Basketball TV broadcasts frustrate me when they present statistics like this:

"Offensive rebounds: Michigan State 9, Wisconsin-Green Bay 9."

The broadcast team presents statistics to give the viewer an understanding of how teams or players have performed. If the above statistic were presented, though, the viewer would likely take away the message that the two teams rebounded equally well on the offensive end (and, therefore, on the defensive end, too). While each team did secure the same number of offensive boards, Michigan State did so in only 25 opportunities (22 missed FG, 3 missed FT) while UWGB did so in 41 opportunities (35 missed FG, 6 missed FT). This statistic would convey a much stronger message:

"Offensive rebounding percentage: Michigan State 36%, Wisconsin-Green Bay 22%"

In the past couple years, Ken Pomeroy, Kyle Whelliston, John Gasaway, and others have evaluated players and teams using statistics that measure efficiency (usually named "possession-based stats" or "tempo-free stats") rather than "totals" that depend in part on the number of opportunities a player or team has to obtain them (points, rebounds, assists, etc.). Mainstream media, meanwhile, have continued to focus on totals. Or is there some other explanation for Bracey Wright's selection to the 2004-2005 All-Big Ten first team?

The old guard of sports-talkers is vulnerable to the new breed of data analysts. Dick Vitale's skill as an analyst lies in watching players and teams perform and passing judgment on their ability to compete against other players and teams. I won't dispute his skill in this regard. What data analysts have taught us, though, is that there are tools that predict success with greater accuracy than Dick Vitale. Or just about any other analyst who insists on using his own judgment of specific situations and performances without considering the value of overall statistics.

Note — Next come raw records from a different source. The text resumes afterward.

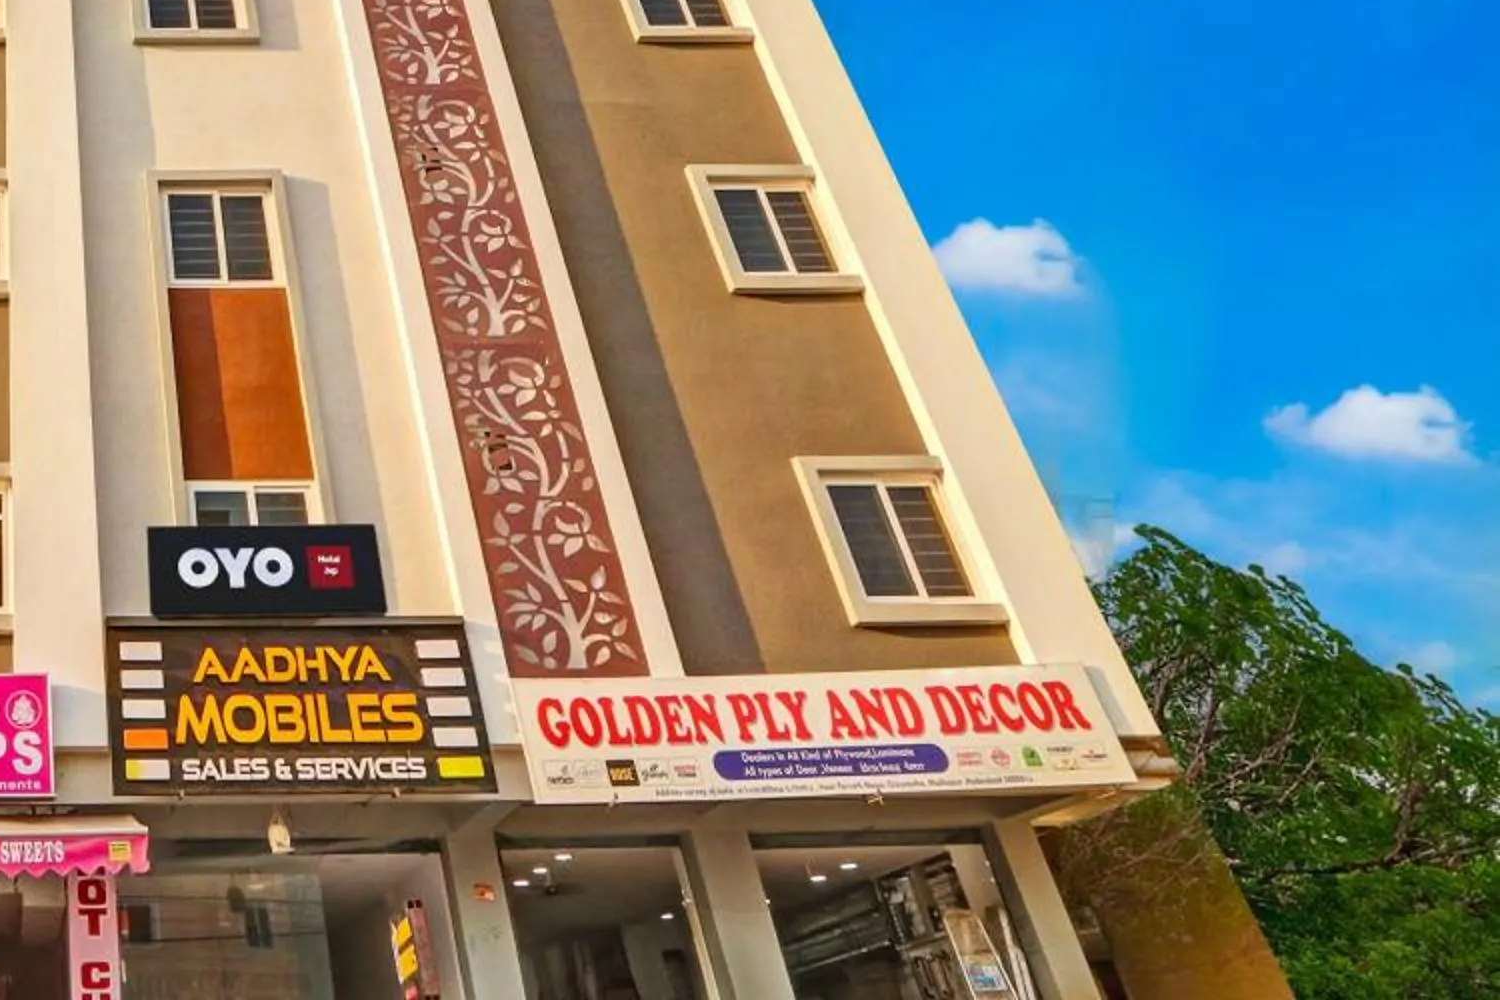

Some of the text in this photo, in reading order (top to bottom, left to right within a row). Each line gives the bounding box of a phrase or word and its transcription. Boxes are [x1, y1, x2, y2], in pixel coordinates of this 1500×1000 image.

[177, 547, 294, 589] OYO
[193, 645, 392, 683] AADHYA
[175, 693, 425, 744] MOBILES
[536, 681, 1092, 748] GOLDEN PLY AND DECOR
[182, 757, 427, 780] SALES & SERVICES
[1, 841, 64, 864] SWEETS
[77, 868, 111, 1000] OT C

I refer to Dick Vitale, Bill Walton, Charles Barkley, and others like them as "sports-talkers" because (1) the word would have an entirely different meaning without the hyphen, and (2) their most important skill lies in their ability to perform on live television when they have nothing to say. Data analysts can show so many things through statistics, though, that they would almost always have something to say, even without relying on mentioning J.J. Redick.

Data analysts threaten sportswriters more directly. Sportswriters can make their mark as a reporter (Chris Mortensen), an analyst, or a writer (Bill Simmons). I don't have a good example for the sportswriter-analyst because I really can't think of one. Sportswriters break stories or produce feature articles, or they entertain readers through their writing. Data analysts have a niche waiting for them, because they can make their mark through analysis alone.

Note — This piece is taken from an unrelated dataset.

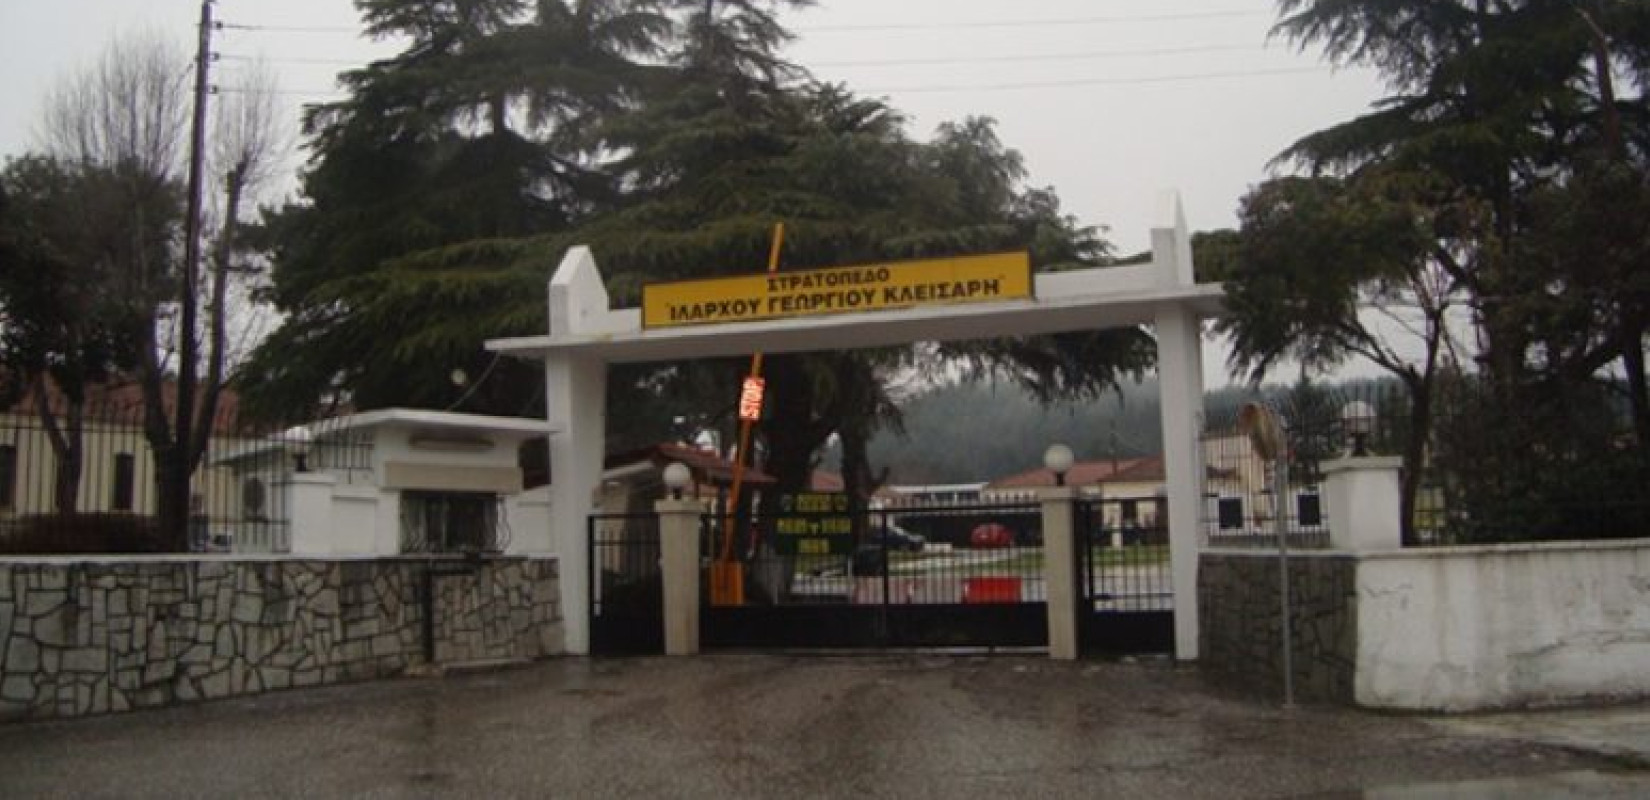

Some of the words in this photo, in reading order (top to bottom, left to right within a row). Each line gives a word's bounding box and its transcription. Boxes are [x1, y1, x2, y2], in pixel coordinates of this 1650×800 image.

The key to writing as an analyst is clarity. An analyst's purpose in writing is to convey to the reader the meaning of the analysis. If the reader can't understand the message, the analyst has failed. Beyond that, it's all good, as long as the analysis is sound and the matter holds significance for the reader. Just because Gasaway, as Big Ten Wonk, is entertaining doesn't mean he has to be to get his point across.

ESPN.com has recognized the analyst niche and begun to fill it -- Pomeroy and Whelliston have, quite recently, joined the payroll. Sportswriters that masquerade as analysts are now officially endangered. Thankfully, most sportswriters are true reporters as well and don't feel threatened. Grant Wahl and Luke Winn from SI.com each endorsed the aforementioned data analysts in an online column earlier this month. And sportswriters like Bill Simmons (not such a large group, is it?) are writers first, so they're not going anywhere, either.

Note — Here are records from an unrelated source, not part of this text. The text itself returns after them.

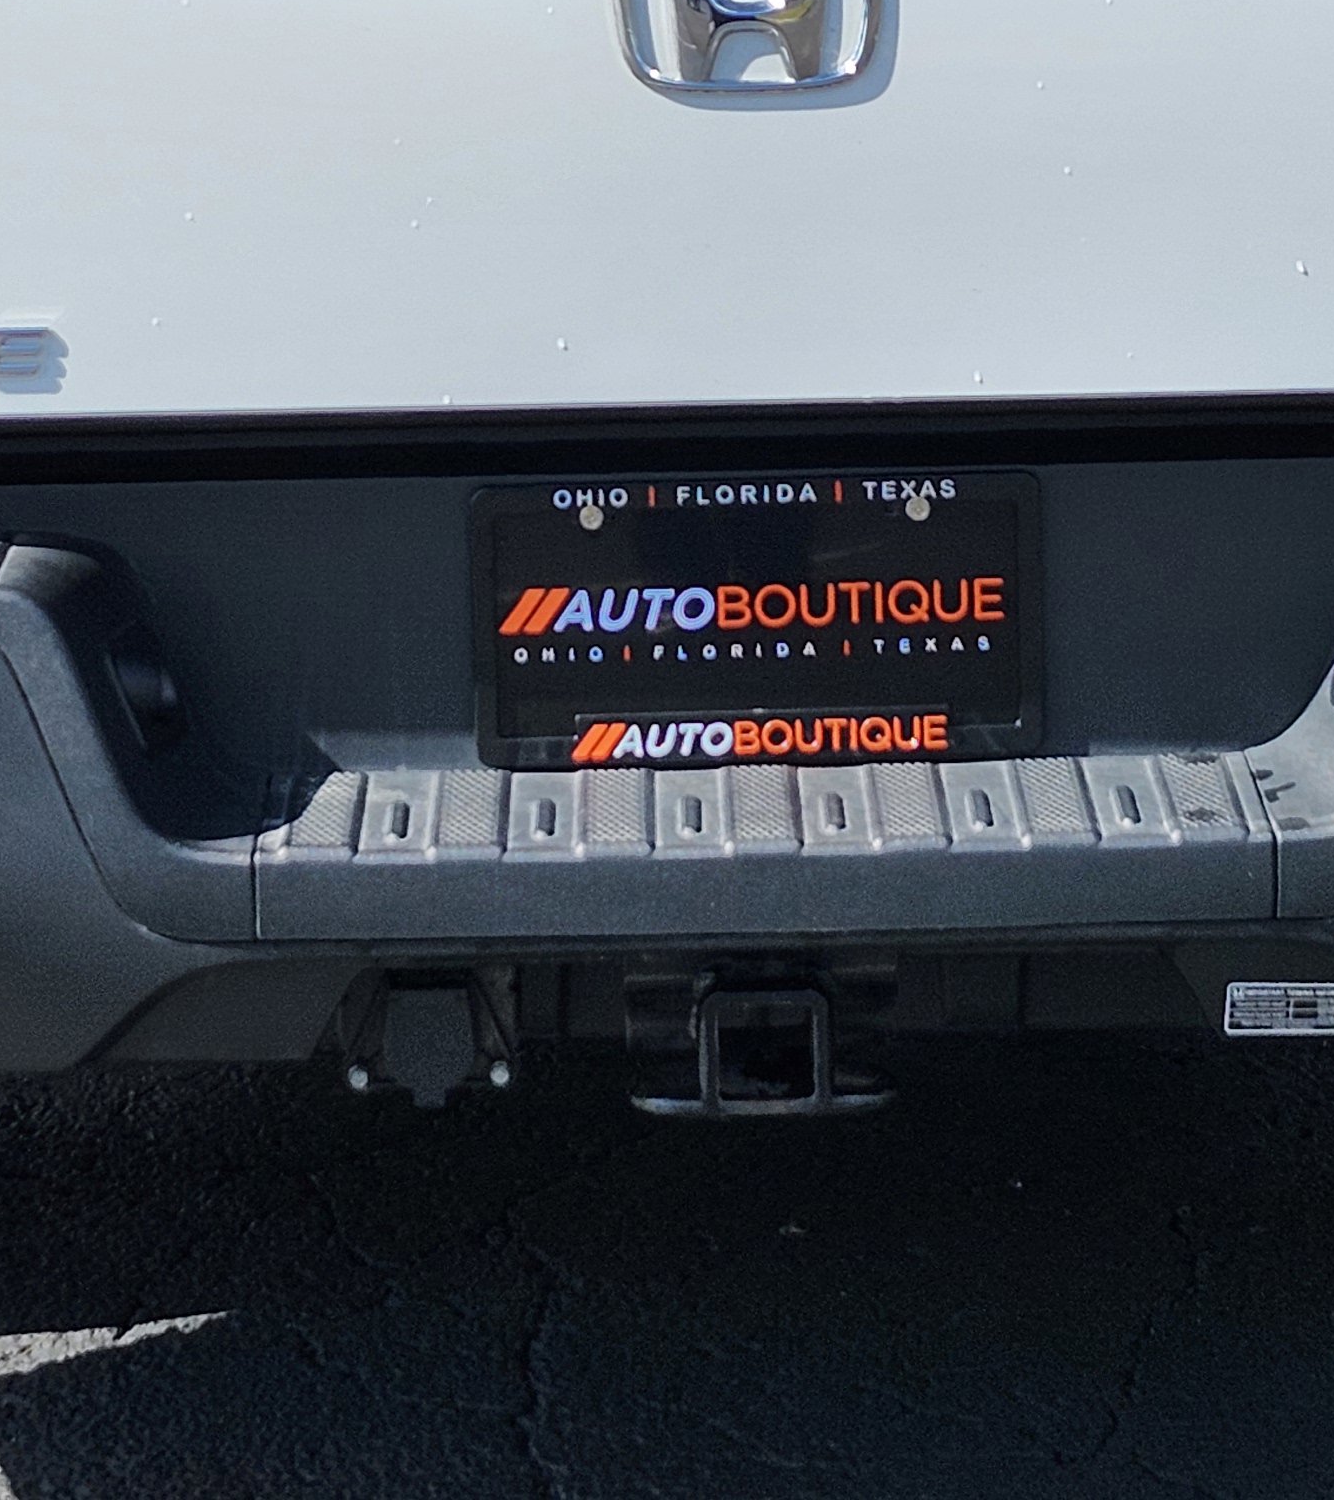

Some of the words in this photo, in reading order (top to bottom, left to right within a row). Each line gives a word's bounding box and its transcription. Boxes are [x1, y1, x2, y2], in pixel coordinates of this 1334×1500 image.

[553, 486, 629, 510] OHIO
[675, 482, 818, 506] FLORIDA
[862, 478, 957, 502] TEXAS
[552, 577, 1005, 633] AUTOBOUTIQUE
[513, 646, 604, 665] OHIO
[653, 641, 817, 661] FLORIDA
[874, 635, 991, 655] TEXAS
[614, 714, 949, 759] AUTOBOUTIQUE

I find the articles from Wahl and Winn encouraging because they signal a shift in the attitude of mainstream media. It's only a matter of time before television broadcasters start citing effective field goal percentage, rebounding percentage, and points-per-possession in their pre-game analysis instead of things like "Shoot The 3; Avoid Foul Trouble; Run, Run, Run." From there it's a hop, skip, and a jump to seeing these figures show up in box scores and in mid-game analysis.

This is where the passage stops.